* _What the exercise asks_: If a record contains a picture, leave the picture out and copy everything else exactly.

* _Supplied data_:

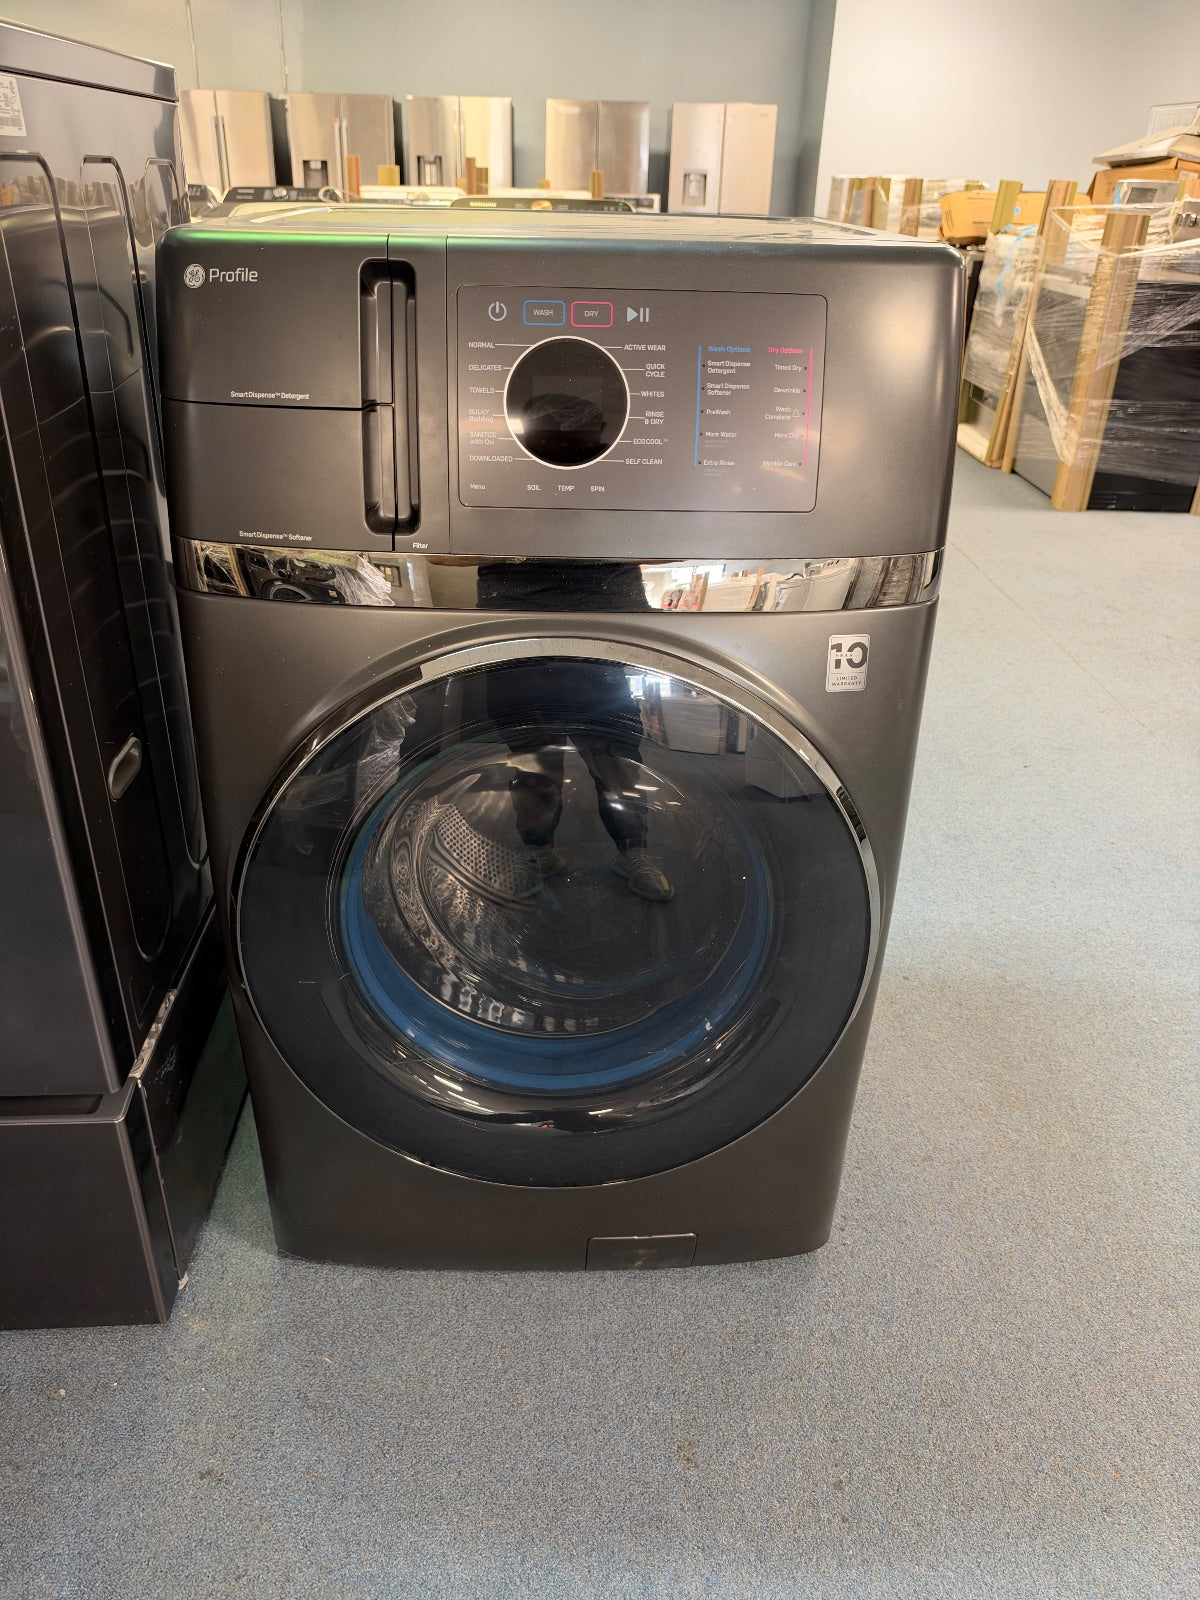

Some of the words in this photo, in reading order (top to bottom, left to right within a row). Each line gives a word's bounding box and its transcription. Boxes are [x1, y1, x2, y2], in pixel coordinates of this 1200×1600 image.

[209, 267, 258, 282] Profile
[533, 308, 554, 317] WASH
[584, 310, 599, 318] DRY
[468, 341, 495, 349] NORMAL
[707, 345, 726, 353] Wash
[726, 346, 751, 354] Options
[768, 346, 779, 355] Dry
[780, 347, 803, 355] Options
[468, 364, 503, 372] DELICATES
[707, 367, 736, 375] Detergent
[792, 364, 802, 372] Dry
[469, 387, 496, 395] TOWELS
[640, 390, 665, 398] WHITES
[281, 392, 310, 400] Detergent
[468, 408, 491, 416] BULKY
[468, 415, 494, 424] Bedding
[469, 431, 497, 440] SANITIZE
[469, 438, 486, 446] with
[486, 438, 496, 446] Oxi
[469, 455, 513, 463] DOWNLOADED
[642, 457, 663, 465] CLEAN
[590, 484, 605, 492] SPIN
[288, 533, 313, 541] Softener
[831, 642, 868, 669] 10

* _Solution for this problem_:
Some of the words in this photo, in reading order (top to bottom, left to right within a row). Each line gives a word's bounding box and its transcription. Boxes are [x1, y1, x2, y2], in pixel coordinates of this 1200×1600 image.

[209, 267, 258, 282] Profile
[533, 308, 554, 317] WASH
[584, 310, 599, 318] DRY
[468, 341, 495, 349] NORMAL
[707, 345, 726, 353] Wash
[726, 346, 751, 354] Options
[768, 346, 779, 355] Dry
[780, 347, 803, 355] Options
[468, 364, 503, 372] DELICATES
[707, 367, 736, 375] Detergent
[792, 364, 802, 372] Dry
[469, 387, 496, 395] TOWELS
[640, 390, 665, 398] WHITES
[281, 392, 310, 400] Detergent
[468, 408, 491, 416] BULKY
[468, 415, 494, 424] Bedding
[469, 431, 497, 440] SANITIZE
[469, 438, 486, 446] with
[486, 438, 496, 446] Oxi
[469, 455, 513, 463] DOWNLOADED
[642, 457, 663, 465] CLEAN
[590, 484, 605, 492] SPIN
[288, 533, 313, 541] Softener
[831, 642, 868, 669] 10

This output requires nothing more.